EPYC のCPUダイは8コア単位です。小さなダイなので歩留まりがよく、廃棄が少ないことでコストも抑えられます。第1世代 EPYC ではCPUダイを4つ(マルチチップ)パッケージングしています。2019年にリリースした第2世代 EPYC では、I/O部分を別ダイとしたチップレットを採用し、同じ面積内にCPUダイを8つ、最大64コアを実現しました。

Milan-Xに採用された3D V-Cacheとは

Milan-Xは、第3世代Milanとソケット互換で追加SKUという意味合いの製品です。型番でも EPYC 7xx3X と、末尾に「X」が付くものがMilan-Xと判別できるようになっています。

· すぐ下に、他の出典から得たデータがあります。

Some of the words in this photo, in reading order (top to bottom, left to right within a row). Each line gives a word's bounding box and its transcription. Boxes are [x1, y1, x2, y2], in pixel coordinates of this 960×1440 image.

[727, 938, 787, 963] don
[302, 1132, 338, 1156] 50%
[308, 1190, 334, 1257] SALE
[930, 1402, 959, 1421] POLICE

Milan-Xの特徴はL3キャッシュの増量です。具体的にはCPUダイあたり32MBから96MBへ、CPUダイ8基では768MBという巨大なL3キャッシュを実現しました。3D V-Cacheは、CPUダイの上にL3キャッシュを積層することでダイ面積やパッケージサイズはそのまま、単位面積あたりのトランジスタ数を飛躍的に向上させたものです。3Dチップレットとも呼んでいます。

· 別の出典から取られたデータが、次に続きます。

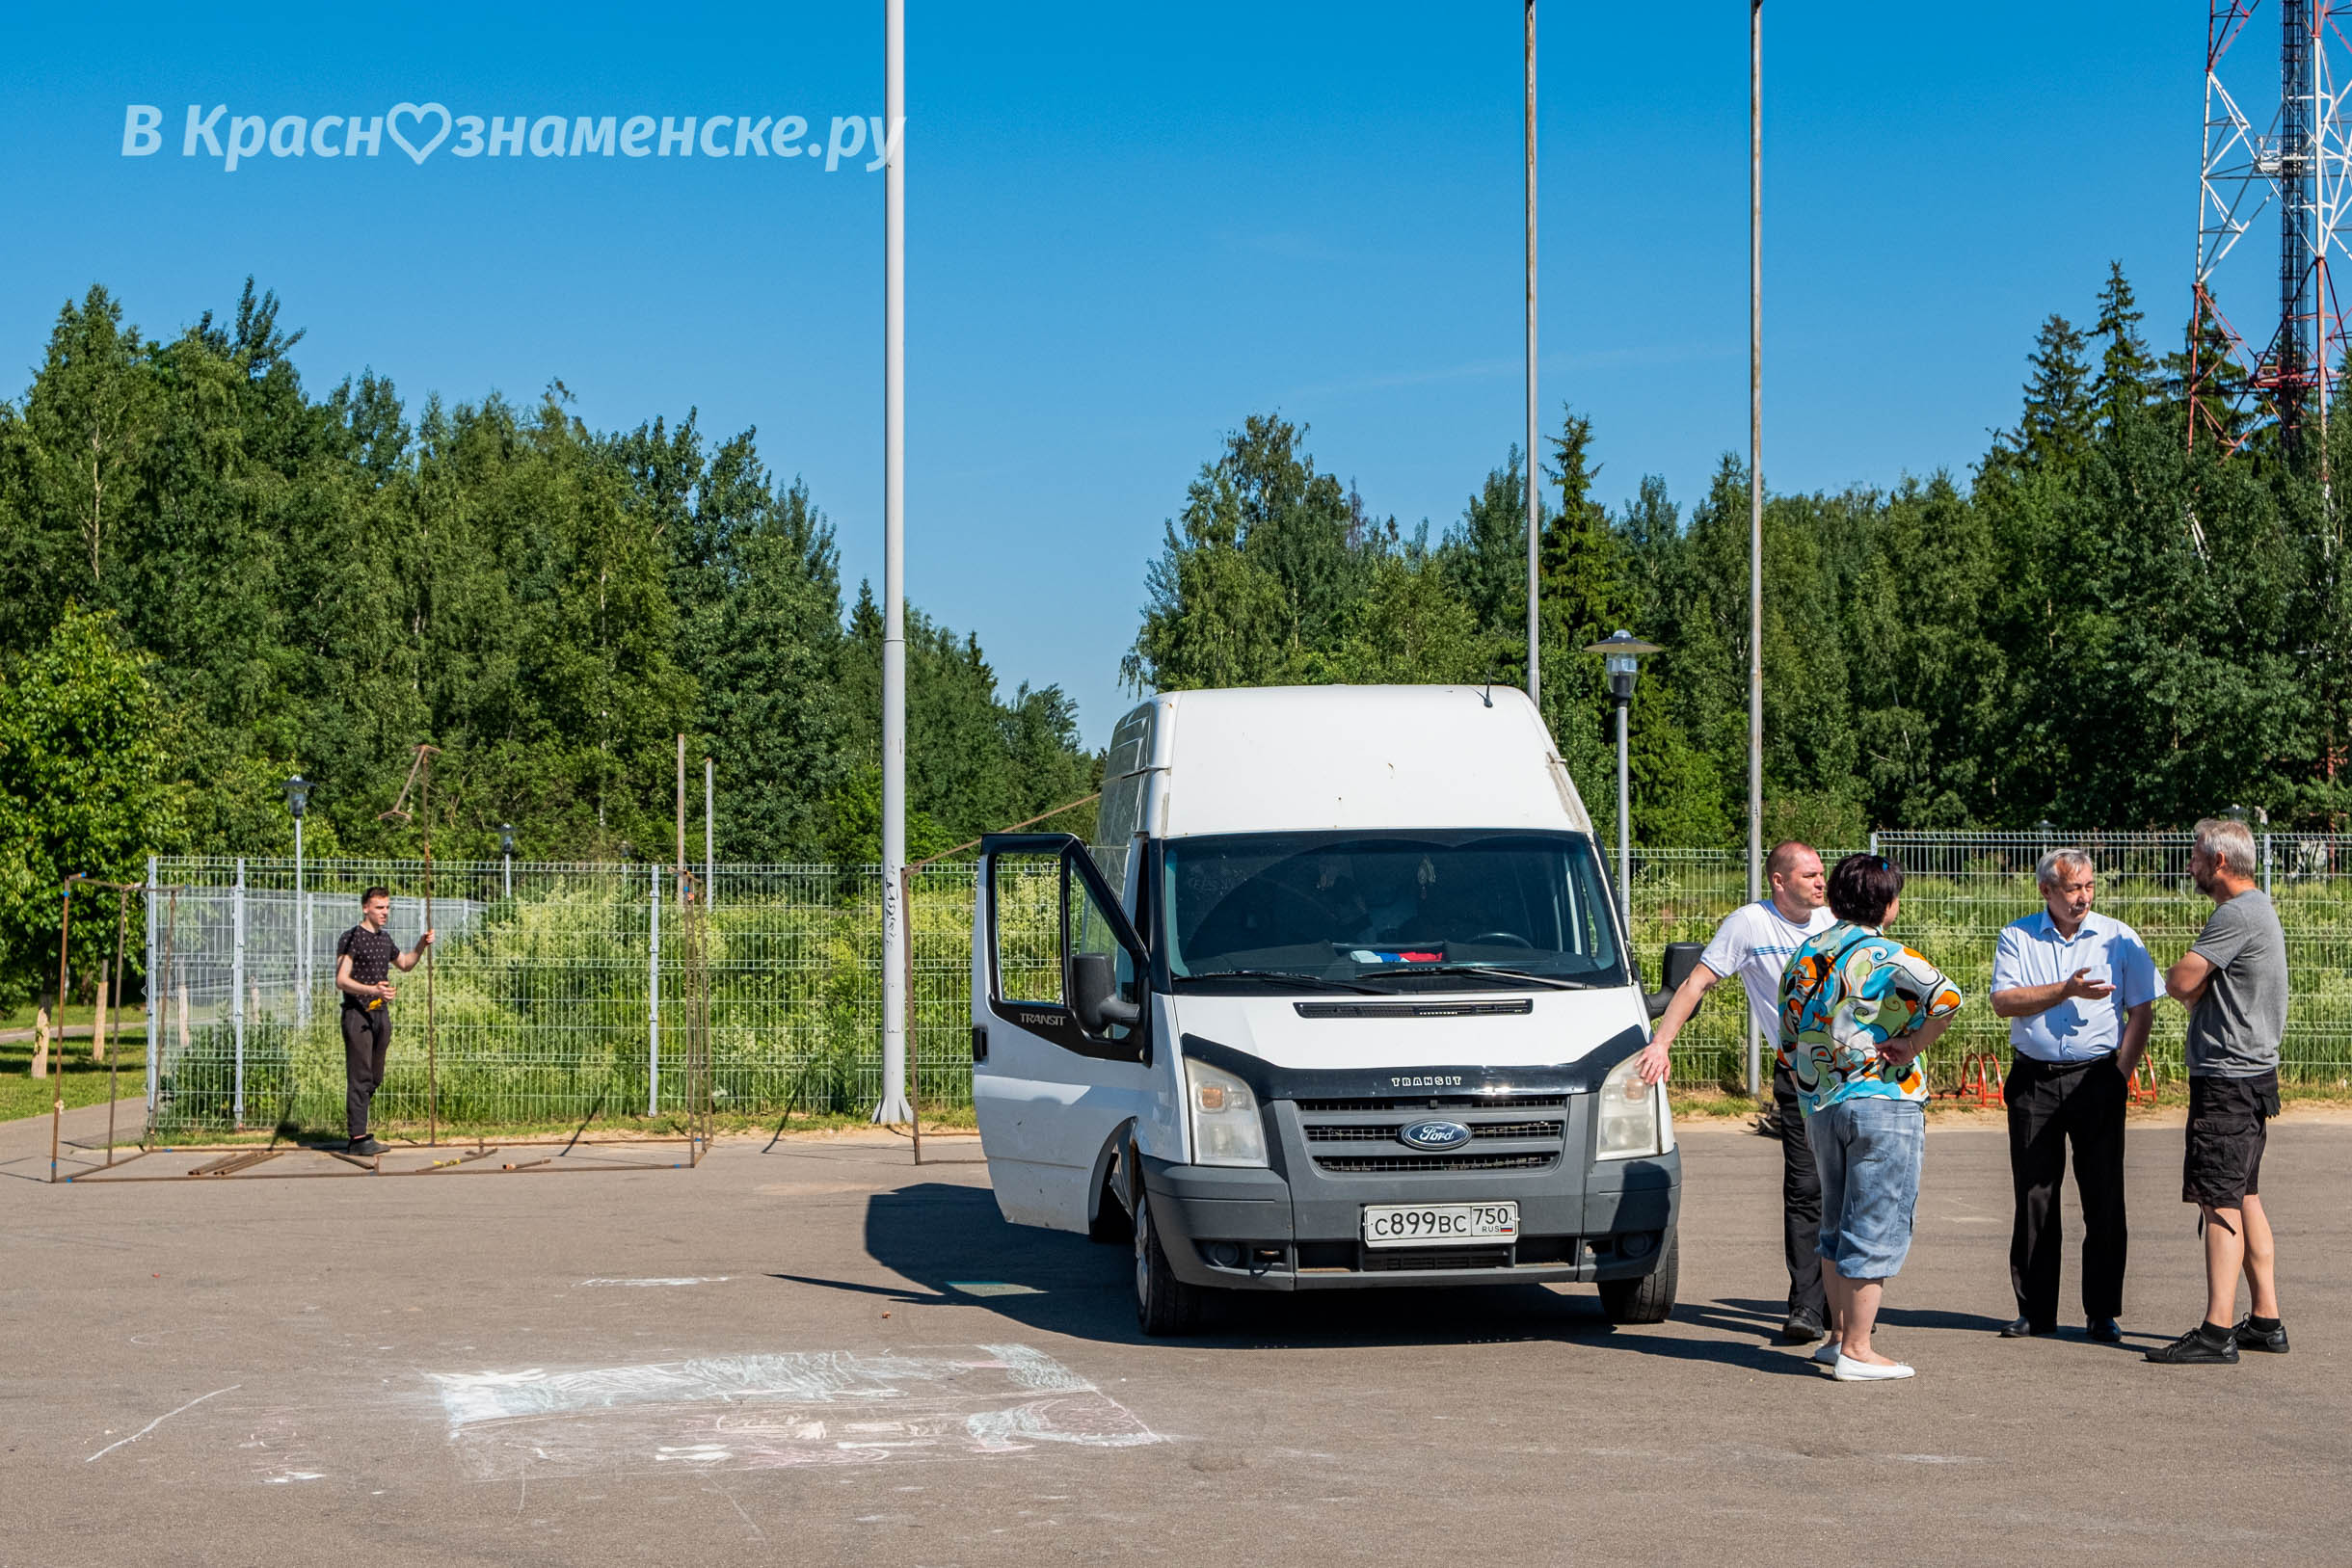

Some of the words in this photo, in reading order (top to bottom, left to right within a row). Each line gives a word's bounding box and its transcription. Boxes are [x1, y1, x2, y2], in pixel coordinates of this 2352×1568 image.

[1020, 1012, 1067, 1026] TRANSIT
[1391, 1076, 1462, 1087] TRANSIT
[1419, 1125, 1455, 1142] Ford
[1473, 1208, 1510, 1226] 750
[1482, 1225, 1500, 1234] RUS

EPYC 7003 (Milan)は汎用計算、 EPYC 7003X (Milan-X)はキャッシュ性能に影響を受けやすいアプリケーション向け

MCM、チップレットに続くのがMilan-Xで採用した3Dチップレット(画像はHot Chips 2021スライドより抜粋)

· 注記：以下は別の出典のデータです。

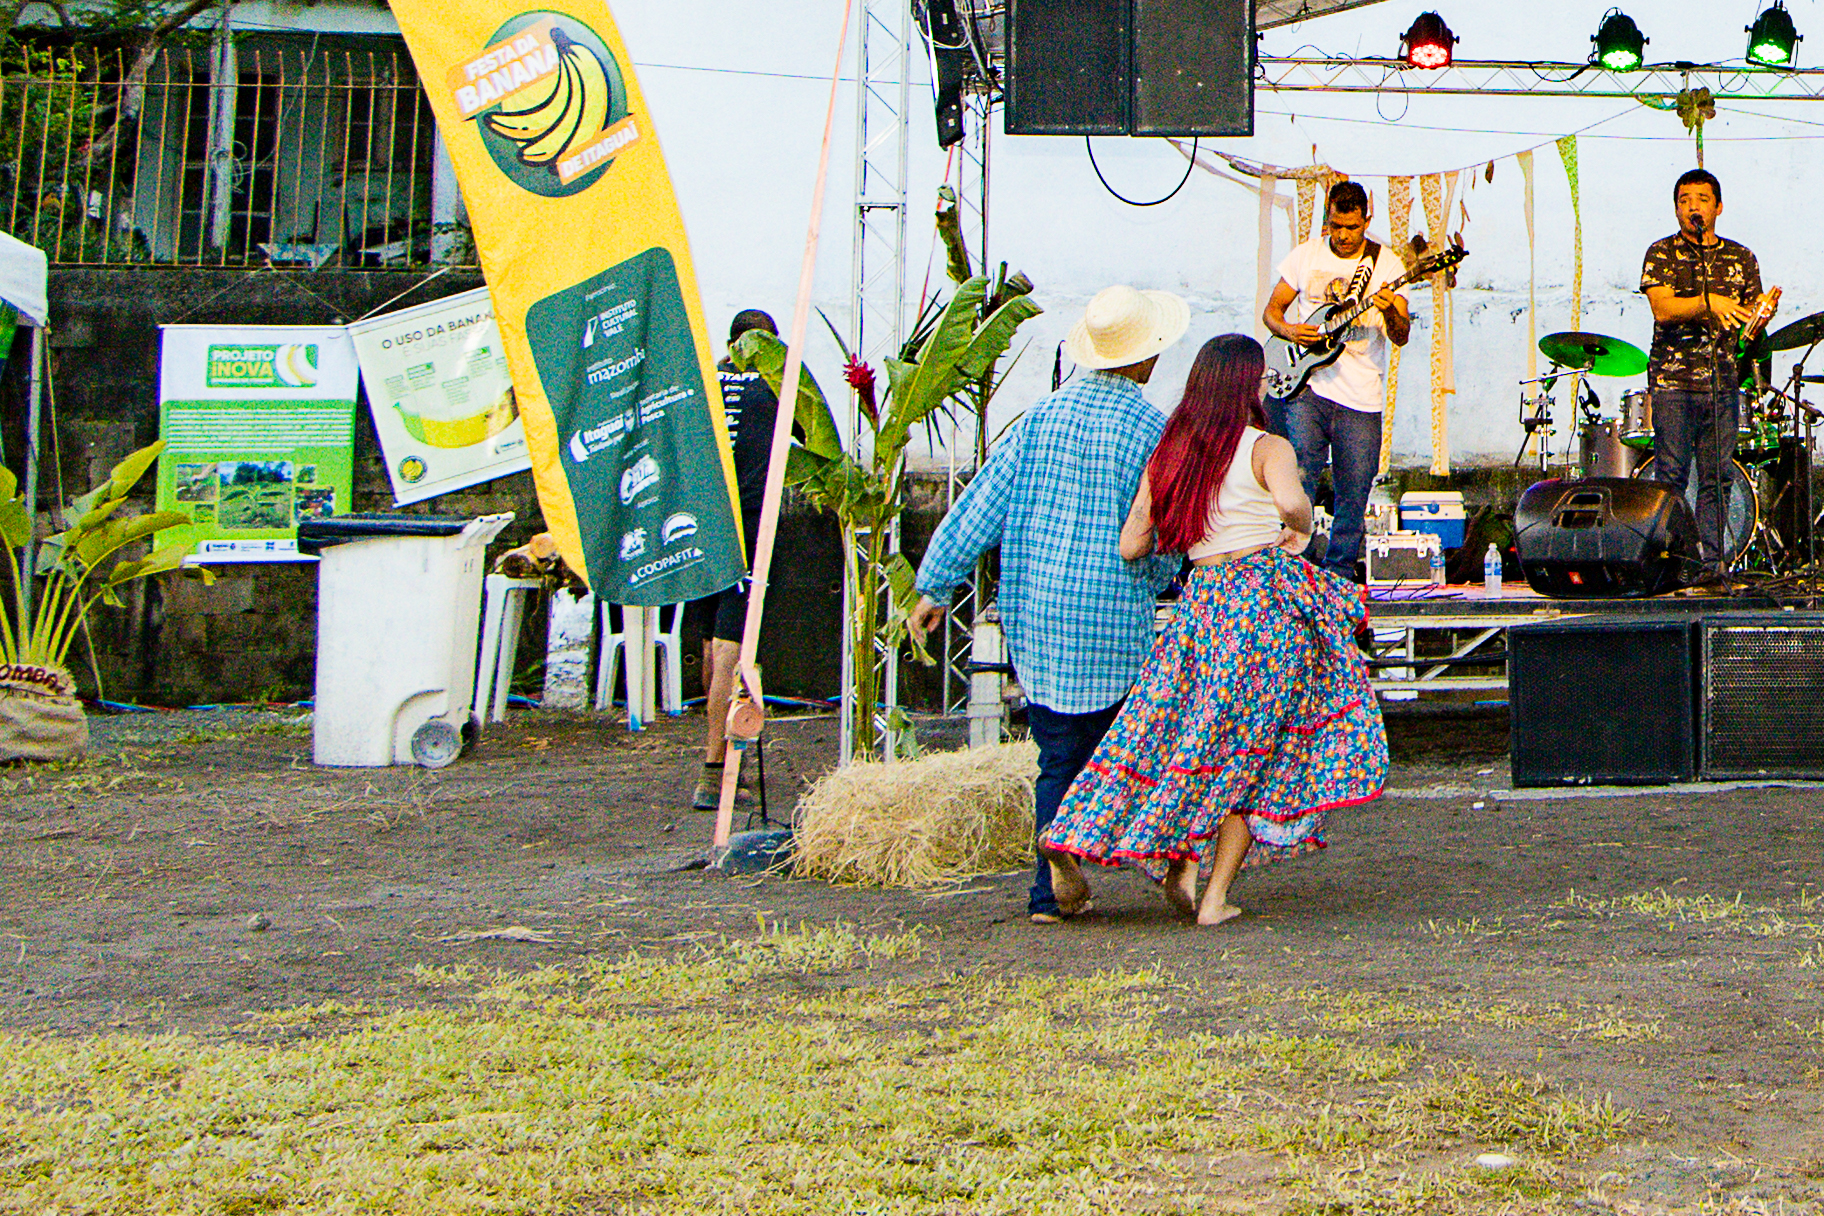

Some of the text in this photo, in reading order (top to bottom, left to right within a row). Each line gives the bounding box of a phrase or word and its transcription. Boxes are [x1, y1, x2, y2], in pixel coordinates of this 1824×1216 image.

[464, 34, 540, 81] FESTA DA
[456, 43, 560, 113] BANANA
[560, 120, 640, 178] DE ITAGUAÍ
[602, 309, 638, 329] CULTURAL
[605, 324, 624, 338] VALE
[382, 339, 393, 350] O
[395, 330, 424, 346] USO
[426, 324, 446, 338] DA
[213, 350, 274, 362] PROJETO
[717, 371, 760, 381] STAFF
[637, 547, 693, 579] COOPAFIT

このようなシリコンを積層していく技術は簡単なものではありません。シリコンの積層技術にはC4やMicroBump3Dといったものがありますが、AMDが採用しているのはTSVです。TSVは信号数でC4やMicroBump3Dよりも多く2TB/sという帯域を実現でき、かつ低消費電力も実現しています。

C4、MicroBump3D、TSVの違い。TSVにより角層の信号線を増やし広帯域を実現するとともに電力消費も抑えられている(画像はHot Chips 2021スライドより抜粋)

とはいえ発熱問題はシビアになります。積層する場所は熱密度が低いところを選ぶ必要がありました。比較的熱密度が低いのが本来のL3キャッシュ部分で、Milan-Xではこの上に積層しています。一方、CPUコア部分には熱伝導を行なうストラクチャーシリコンを加えてダイの高さを揃えています。また、Milanと完全ソケット互換を保つためにシリコンレベルで削って高さを合わせています。

(画像はHot Chips 2021スライドより抜粋)

Milan-XとMilanそれぞれ有効なアプリケーションがある

Milan-XがMilanの追加SKUと紹介したように、Milan-Xが有効なアプリケーション、従来のMilanが有効なアプリケーションというものがあり、棲み分けされます。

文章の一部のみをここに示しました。